_Task prompt_. Each entry below should be reproduced character for character.

========================

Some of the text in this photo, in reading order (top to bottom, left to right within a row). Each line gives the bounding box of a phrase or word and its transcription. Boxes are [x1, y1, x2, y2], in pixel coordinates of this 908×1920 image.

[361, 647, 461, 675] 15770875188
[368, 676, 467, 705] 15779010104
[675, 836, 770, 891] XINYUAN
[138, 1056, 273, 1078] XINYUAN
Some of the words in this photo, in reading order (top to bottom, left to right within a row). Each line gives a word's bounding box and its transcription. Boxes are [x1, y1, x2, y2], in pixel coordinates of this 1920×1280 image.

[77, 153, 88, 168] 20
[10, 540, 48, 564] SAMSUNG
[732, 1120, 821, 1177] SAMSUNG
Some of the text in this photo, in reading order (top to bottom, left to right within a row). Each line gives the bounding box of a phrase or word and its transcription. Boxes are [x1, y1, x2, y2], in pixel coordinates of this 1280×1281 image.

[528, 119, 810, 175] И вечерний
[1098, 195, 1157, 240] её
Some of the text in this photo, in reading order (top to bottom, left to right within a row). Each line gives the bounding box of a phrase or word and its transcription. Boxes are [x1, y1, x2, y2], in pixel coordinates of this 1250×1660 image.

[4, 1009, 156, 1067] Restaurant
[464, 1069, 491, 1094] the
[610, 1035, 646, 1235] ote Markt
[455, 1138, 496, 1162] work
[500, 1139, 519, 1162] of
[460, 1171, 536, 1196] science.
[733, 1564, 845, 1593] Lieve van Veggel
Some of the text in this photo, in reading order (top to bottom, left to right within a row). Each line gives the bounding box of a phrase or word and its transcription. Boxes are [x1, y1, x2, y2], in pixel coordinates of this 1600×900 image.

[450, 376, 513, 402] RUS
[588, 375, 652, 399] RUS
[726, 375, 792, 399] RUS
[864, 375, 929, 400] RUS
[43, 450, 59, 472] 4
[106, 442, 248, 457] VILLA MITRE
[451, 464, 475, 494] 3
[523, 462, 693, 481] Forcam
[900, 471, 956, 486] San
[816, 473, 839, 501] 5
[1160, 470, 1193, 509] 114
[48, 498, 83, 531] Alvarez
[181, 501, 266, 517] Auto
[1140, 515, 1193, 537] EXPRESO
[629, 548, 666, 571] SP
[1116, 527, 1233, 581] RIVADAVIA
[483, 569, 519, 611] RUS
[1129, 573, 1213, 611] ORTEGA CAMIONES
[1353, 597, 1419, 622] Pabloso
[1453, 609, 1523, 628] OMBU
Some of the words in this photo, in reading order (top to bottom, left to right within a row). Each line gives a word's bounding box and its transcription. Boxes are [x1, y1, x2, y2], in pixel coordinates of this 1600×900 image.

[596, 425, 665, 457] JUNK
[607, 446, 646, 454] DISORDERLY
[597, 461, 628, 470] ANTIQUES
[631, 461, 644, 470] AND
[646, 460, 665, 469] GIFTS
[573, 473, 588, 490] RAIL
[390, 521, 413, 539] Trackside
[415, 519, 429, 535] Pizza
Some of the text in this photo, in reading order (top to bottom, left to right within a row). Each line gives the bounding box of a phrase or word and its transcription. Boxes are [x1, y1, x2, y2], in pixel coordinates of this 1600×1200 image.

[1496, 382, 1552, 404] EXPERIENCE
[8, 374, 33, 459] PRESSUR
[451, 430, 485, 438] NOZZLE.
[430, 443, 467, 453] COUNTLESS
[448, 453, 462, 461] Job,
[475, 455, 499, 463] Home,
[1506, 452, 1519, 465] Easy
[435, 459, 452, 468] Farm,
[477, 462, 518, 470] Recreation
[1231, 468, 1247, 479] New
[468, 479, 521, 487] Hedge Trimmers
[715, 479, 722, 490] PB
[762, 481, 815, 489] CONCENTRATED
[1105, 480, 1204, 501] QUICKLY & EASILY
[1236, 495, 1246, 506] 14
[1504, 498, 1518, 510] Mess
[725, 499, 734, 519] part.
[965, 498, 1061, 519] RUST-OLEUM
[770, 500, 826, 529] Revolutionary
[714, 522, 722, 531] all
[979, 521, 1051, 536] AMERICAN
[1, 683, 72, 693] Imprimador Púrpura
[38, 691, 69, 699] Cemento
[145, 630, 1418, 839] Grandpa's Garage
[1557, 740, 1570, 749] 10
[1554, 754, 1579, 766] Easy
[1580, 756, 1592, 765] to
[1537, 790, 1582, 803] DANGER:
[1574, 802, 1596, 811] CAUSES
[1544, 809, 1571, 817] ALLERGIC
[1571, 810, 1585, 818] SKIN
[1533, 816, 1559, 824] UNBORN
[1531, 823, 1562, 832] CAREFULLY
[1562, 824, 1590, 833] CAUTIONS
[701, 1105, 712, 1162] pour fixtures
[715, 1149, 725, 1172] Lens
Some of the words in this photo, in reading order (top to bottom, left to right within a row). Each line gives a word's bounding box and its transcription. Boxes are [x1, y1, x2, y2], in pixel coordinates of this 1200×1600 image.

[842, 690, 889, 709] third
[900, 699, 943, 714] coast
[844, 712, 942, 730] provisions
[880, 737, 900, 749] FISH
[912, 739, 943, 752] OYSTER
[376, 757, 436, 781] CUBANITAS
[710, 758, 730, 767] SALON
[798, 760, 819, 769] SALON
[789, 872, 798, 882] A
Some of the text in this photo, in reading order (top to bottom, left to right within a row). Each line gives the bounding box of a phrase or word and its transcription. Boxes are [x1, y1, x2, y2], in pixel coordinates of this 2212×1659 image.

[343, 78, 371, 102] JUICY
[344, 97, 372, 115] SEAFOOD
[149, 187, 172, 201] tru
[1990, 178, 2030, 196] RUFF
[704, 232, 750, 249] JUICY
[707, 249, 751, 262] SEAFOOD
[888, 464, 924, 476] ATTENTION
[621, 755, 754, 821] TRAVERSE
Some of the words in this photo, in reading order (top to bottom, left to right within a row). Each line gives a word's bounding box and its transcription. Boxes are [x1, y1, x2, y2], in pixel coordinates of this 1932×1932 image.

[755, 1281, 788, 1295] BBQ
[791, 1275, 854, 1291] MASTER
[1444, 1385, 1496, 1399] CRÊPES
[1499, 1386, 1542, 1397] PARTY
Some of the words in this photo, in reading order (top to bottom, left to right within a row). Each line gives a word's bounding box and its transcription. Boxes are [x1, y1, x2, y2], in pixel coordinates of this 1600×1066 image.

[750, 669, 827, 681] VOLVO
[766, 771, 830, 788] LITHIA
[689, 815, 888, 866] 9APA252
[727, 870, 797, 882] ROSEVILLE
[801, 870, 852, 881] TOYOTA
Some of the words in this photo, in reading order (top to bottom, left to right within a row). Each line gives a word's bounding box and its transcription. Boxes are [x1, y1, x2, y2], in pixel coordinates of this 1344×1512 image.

========================

_Your solution_.
Some of the text in this photo, in reading order (top to bottom, left to right within a row). Each line gives the bounding box of a phrase or word and its transcription. Boxes are [x1, y1, x2, y2], in pixel coordinates of this 908×1920 image.

[361, 647, 461, 675] 15770875188
[368, 676, 467, 705] 15779010104
[675, 836, 770, 891] XINYUAN
[138, 1056, 273, 1078] XINYUAN
Some of the words in this photo, in reading order (top to bottom, left to right within a row). Each line gives a word's bounding box and its transcription. Boxes are [x1, y1, x2, y2], in pixel coordinates of this 1920×1280 image.

[77, 153, 88, 168] 20
[10, 540, 48, 564] SAMSUNG
[732, 1120, 821, 1177] SAMSUNG
Some of the text in this photo, in reading order (top to bottom, left to right within a row). Each line gives the bounding box of a phrase or word and its transcription. Boxes are [x1, y1, x2, y2], in pixel coordinates of this 1280×1281 image.

[528, 119, 810, 175] И вечерний
[1098, 195, 1157, 240] её
Some of the text in this photo, in reading order (top to bottom, left to right within a row). Each line gives the bounding box of a phrase or word and its transcription. Boxes are [x1, y1, x2, y2], in pixel coordinates of this 1250×1660 image.

[4, 1009, 156, 1067] Restaurant
[464, 1069, 491, 1094] the
[610, 1035, 646, 1235] ote Markt
[455, 1138, 496, 1162] work
[500, 1139, 519, 1162] of
[460, 1171, 536, 1196] science.
[733, 1564, 845, 1593] Lieve van Veggel
Some of the text in this photo, in reading order (top to bottom, left to right within a row). Each line gives the bounding box of a phrase or word and its transcription. Boxes are [x1, y1, x2, y2], in pixel coordinates of this 1600×900 image.

[450, 376, 513, 402] RUS
[588, 375, 652, 399] RUS
[726, 375, 792, 399] RUS
[864, 375, 929, 400] RUS
[43, 450, 59, 472] 4
[106, 442, 248, 457] VILLA MITRE
[451, 464, 475, 494] 3
[523, 462, 693, 481] Forcam
[900, 471, 956, 486] San
[816, 473, 839, 501] 5
[1160, 470, 1193, 509] 114
[48, 498, 83, 531] Alvarez
[181, 501, 266, 517] Auto
[1140, 515, 1193, 537] EXPRESO
[629, 548, 666, 571] SP
[1116, 527, 1233, 581] RIVADAVIA
[483, 569, 519, 611] RUS
[1129, 573, 1213, 611] ORTEGA CAMIONES
[1353, 597, 1419, 622] Pabloso
[1453, 609, 1523, 628] OMBU
Some of the words in this photo, in reading order (top to bottom, left to right within a row). Each line gives a word's bounding box and its transcription. Boxes are [x1, y1, x2, y2], in pixel coordinates of this 1600×900 image.

[596, 425, 665, 457] JUNK
[607, 446, 646, 454] DISORDERLY
[597, 461, 628, 470] ANTIQUES
[631, 461, 644, 470] AND
[646, 460, 665, 469] GIFTS
[573, 473, 588, 490] RAIL
[390, 521, 413, 539] Trackside
[415, 519, 429, 535] Pizza
Some of the text in this photo, in reading order (top to bottom, left to right within a row). Each line gives the bounding box of a phrase or word and its transcription. Boxes are [x1, y1, x2, y2], in pixel coordinates of this 1600×1200 image.

[1496, 382, 1552, 404] EXPERIENCE
[8, 374, 33, 459] PRESSUR
[451, 430, 485, 438] NOZZLE.
[430, 443, 467, 453] COUNTLESS
[448, 453, 462, 461] Job,
[475, 455, 499, 463] Home,
[1506, 452, 1519, 465] Easy
[435, 459, 452, 468] Farm,
[477, 462, 518, 470] Recreation
[1231, 468, 1247, 479] New
[468, 479, 521, 487] Hedge Trimmers
[715, 479, 722, 490] PB
[762, 481, 815, 489] CONCENTRATED
[1105, 480, 1204, 501] QUICKLY & EASILY
[1236, 495, 1246, 506] 14
[1504, 498, 1518, 510] Mess
[725, 499, 734, 519] part.
[965, 498, 1061, 519] RUST-OLEUM
[770, 500, 826, 529] Revolutionary
[714, 522, 722, 531] all
[979, 521, 1051, 536] AMERICAN
[1, 683, 72, 693] Imprimador Púrpura
[38, 691, 69, 699] Cemento
[145, 630, 1418, 839] Grandpa's Garage
[1557, 740, 1570, 749] 10
[1554, 754, 1579, 766] Easy
[1580, 756, 1592, 765] to
[1537, 790, 1582, 803] DANGER:
[1574, 802, 1596, 811] CAUSES
[1544, 809, 1571, 817] ALLERGIC
[1571, 810, 1585, 818] SKIN
[1533, 816, 1559, 824] UNBORN
[1531, 823, 1562, 832] CAREFULLY
[1562, 824, 1590, 833] CAUTIONS
[701, 1105, 712, 1162] pour fixtures
[715, 1149, 725, 1172] Lens
Some of the words in this photo, in reading order (top to bottom, left to right within a row). Each line gives a word's bounding box and its transcription. Boxes are [x1, y1, x2, y2], in pixel coordinates of this 1200×1600 image.

[842, 690, 889, 709] third
[900, 699, 943, 714] coast
[844, 712, 942, 730] provisions
[880, 737, 900, 749] FISH
[912, 739, 943, 752] OYSTER
[376, 757, 436, 781] CUBANITAS
[710, 758, 730, 767] SALON
[798, 760, 819, 769] SALON
[789, 872, 798, 882] A
Some of the text in this photo, in reading order (top to bottom, left to right within a row). Each line gives the bounding box of a phrase or word and its transcription. Boxes are [x1, y1, x2, y2], in pixel coordinates of this 2212×1659 image.

[343, 78, 371, 102] JUICY
[344, 97, 372, 115] SEAFOOD
[149, 187, 172, 201] tru
[1990, 178, 2030, 196] RUFF
[704, 232, 750, 249] JUICY
[707, 249, 751, 262] SEAFOOD
[888, 464, 924, 476] ATTENTION
[621, 755, 754, 821] TRAVERSE
Some of the words in this photo, in reading order (top to bottom, left to right within a row). Each line gives a word's bounding box and its transcription. Boxes are [x1, y1, x2, y2], in pixel coordinates of this 1932×1932 image.

[755, 1281, 788, 1295] BBQ
[791, 1275, 854, 1291] MASTER
[1444, 1385, 1496, 1399] CRÊPES
[1499, 1386, 1542, 1397] PARTY
Some of the words in this photo, in reading order (top to bottom, left to right within a row). Each line gives a word's bounding box and its transcription. Boxes are [x1, y1, x2, y2], in pixel coordinates of this 1600×1066 image.

[750, 669, 827, 681] VOLVO
[766, 771, 830, 788] LITHIA
[689, 815, 888, 866] 9APA252
[727, 870, 797, 882] ROSEVILLE
[801, 870, 852, 881] TOYOTA
Some of the words in this photo, in reading order (top to bottom, left to right within a row). Each line gives a word's bounding box and its transcription. Boxes are [x1, y1, x2, y2], in pixel coordinates of this 1344×1512 image.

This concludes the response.